• Source material:
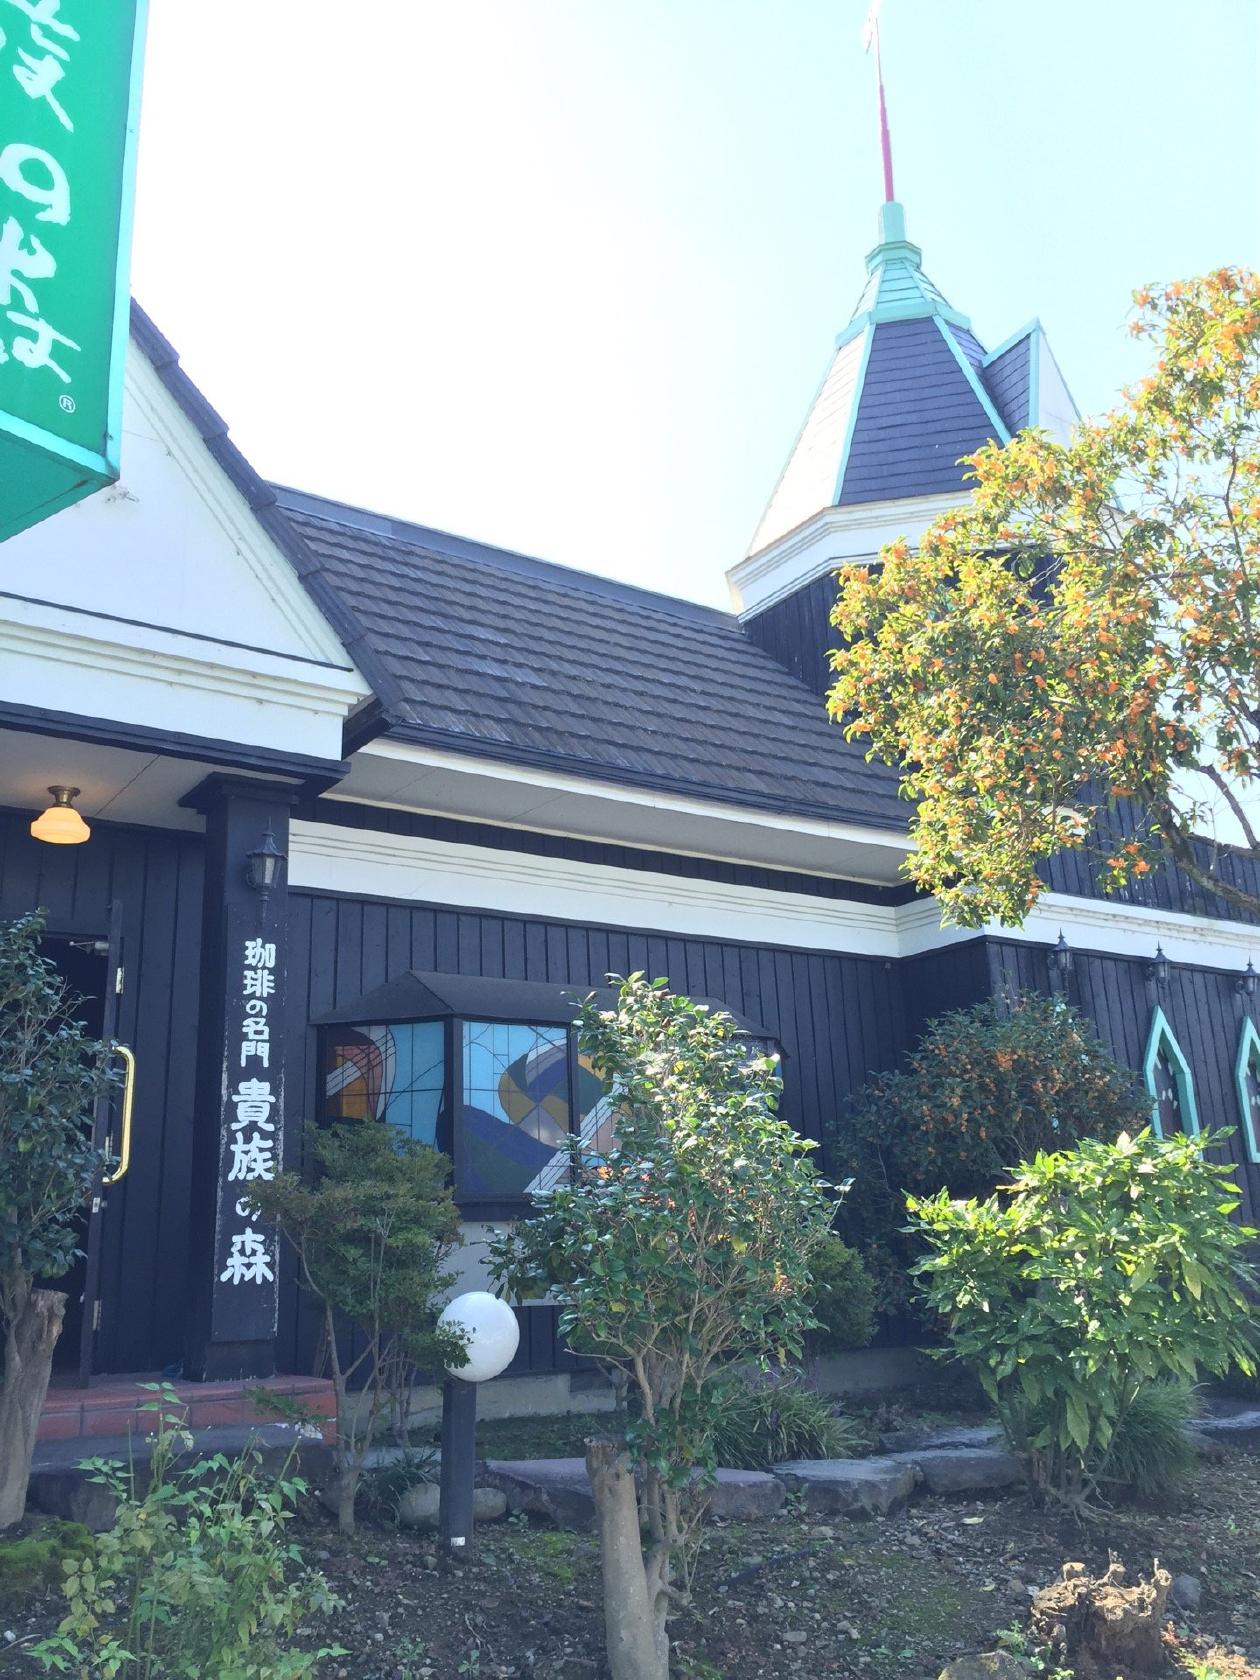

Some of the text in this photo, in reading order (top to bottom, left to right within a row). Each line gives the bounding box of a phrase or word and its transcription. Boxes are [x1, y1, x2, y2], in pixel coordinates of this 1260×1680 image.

[240, 938, 276, 1068] 珈琲の名門
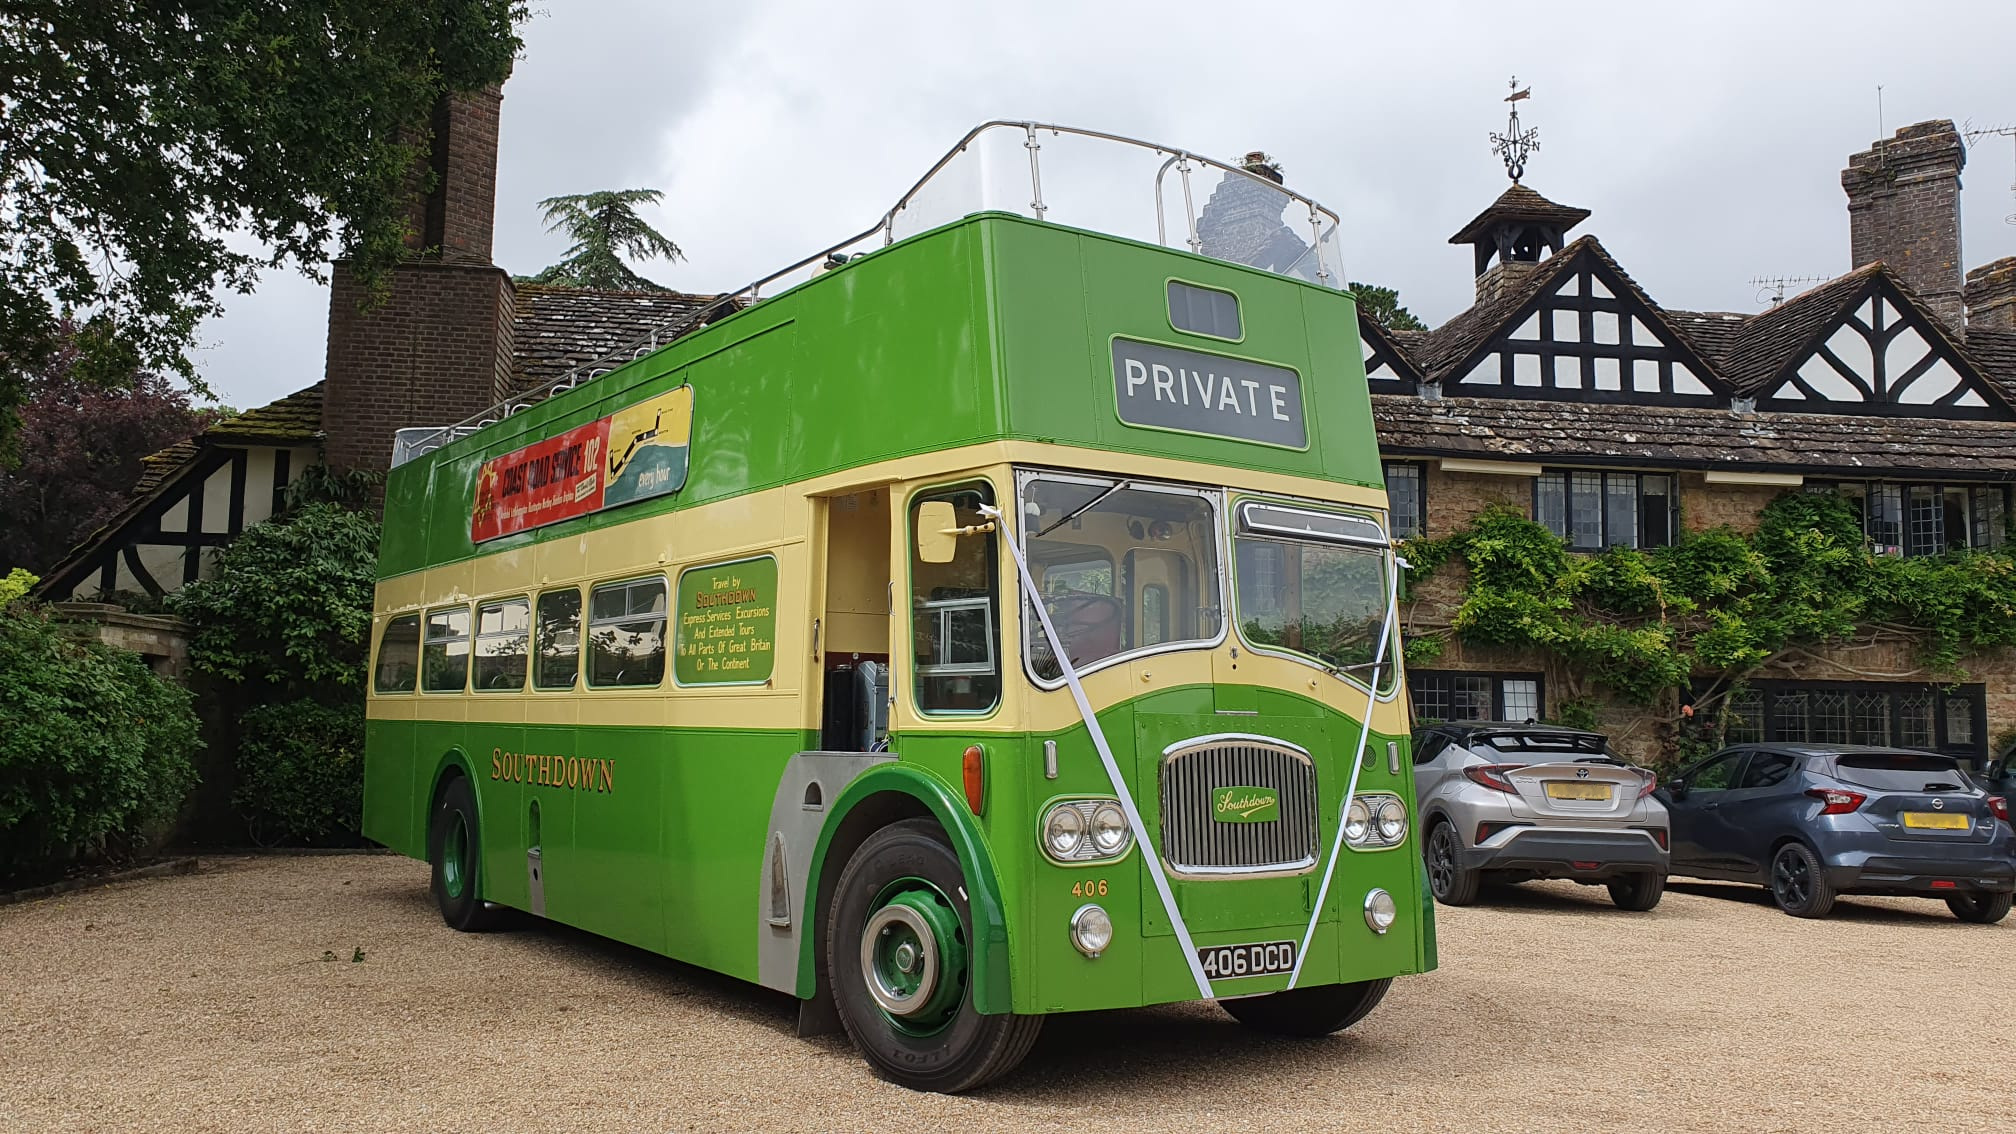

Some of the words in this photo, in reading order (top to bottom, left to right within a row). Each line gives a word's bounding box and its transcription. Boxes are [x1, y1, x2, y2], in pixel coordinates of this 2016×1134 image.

[1125, 358, 1290, 422] PRIVATE
[583, 436, 600, 474] 102
[639, 470, 655, 489] every
[656, 464, 671, 482] hour
[712, 576, 729, 590] Travel
[732, 576, 741, 589] by
[696, 588, 756, 609] SOUTHDOWN
[683, 612, 705, 627] Express
[706, 610, 731, 623] Services
[735, 606, 770, 620] Excursions
[694, 627, 706, 639] And
[709, 624, 735, 638] Extended
[739, 622, 755, 636] Tours
[680, 643, 687, 657] To
[688, 643, 697, 655] All
[698, 642, 715, 655] Parts
[729, 639, 746, 653] Great
[750, 638, 771, 651] Britain
[697, 659, 705, 671] Or
[708, 657, 719, 670] The
[722, 657, 750, 670] Continent
[1217, 790, 1275, 814] Southdown
[1071, 879, 1108, 897] 406
[1203, 948, 1247, 977] 406
[1251, 944, 1292, 972] DCD
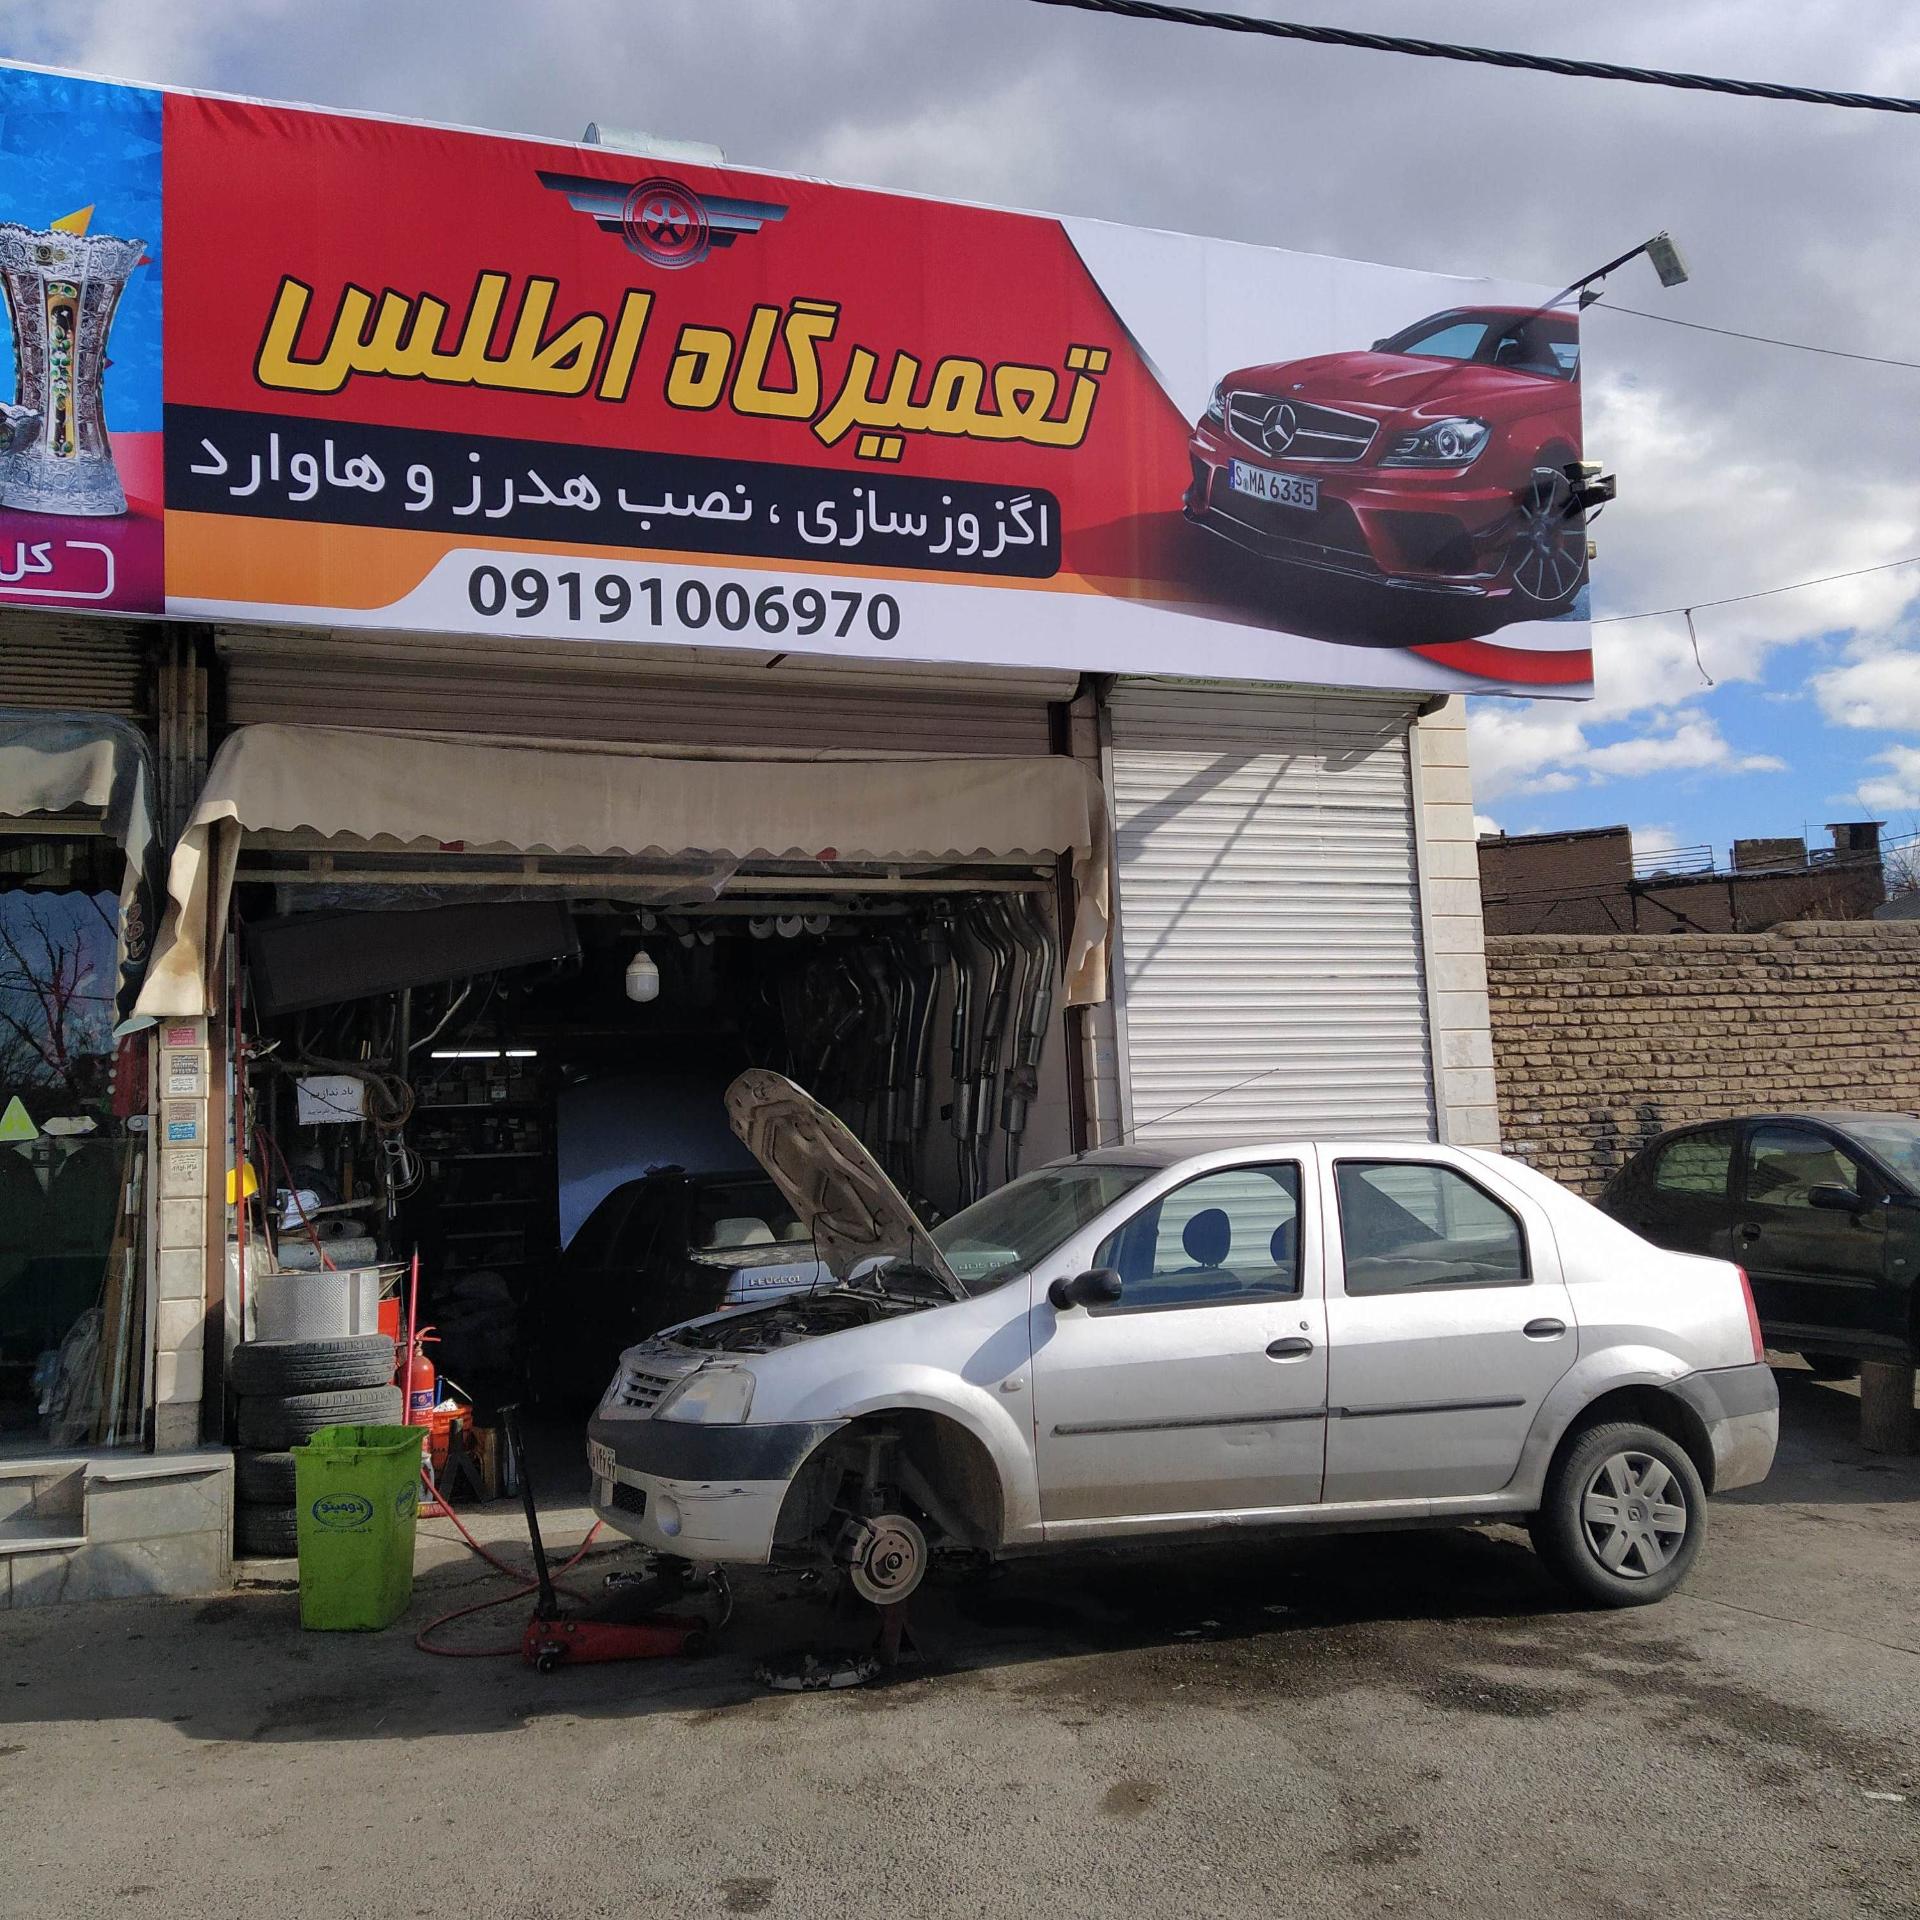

• How to complete this task: Reproduce the entire listing above precisely, but keep the images out.

• Response to the task:
Some of the text in this photo, in reading order (top to bottom, left to right within a row). Each line gives the bounding box of a phrase or word and its transcription. Boxes are [x1, y1, x2, y2], in pixel coordinates of this 1260×1680 image.

[240, 938, 276, 1068] 珈琲の名門

Some of the words in this photo, in reading order (top to bottom, left to right within a row). Each line gives a word's bounding box and its transcription. Boxes are [x1, y1, x2, y2], in pixel coordinates of this 2016×1134 image.

[1125, 358, 1290, 422] PRIVATE
[583, 436, 600, 474] 102
[639, 470, 655, 489] every
[656, 464, 671, 482] hour
[712, 576, 729, 590] Travel
[732, 576, 741, 589] by
[696, 588, 756, 609] SOUTHDOWN
[683, 612, 705, 627] Express
[706, 610, 731, 623] Services
[735, 606, 770, 620] Excursions
[694, 627, 706, 639] And
[709, 624, 735, 638] Extended
[739, 622, 755, 636] Tours
[680, 643, 687, 657] To
[688, 643, 697, 655] All
[698, 642, 715, 655] Parts
[729, 639, 746, 653] Great
[750, 638, 771, 651] Britain
[697, 659, 705, 671] Or
[708, 657, 719, 670] The
[722, 657, 750, 670] Continent
[1217, 790, 1275, 814] Southdown
[1071, 879, 1108, 897] 406
[1203, 948, 1247, 977] 406
[1251, 944, 1292, 972] DCD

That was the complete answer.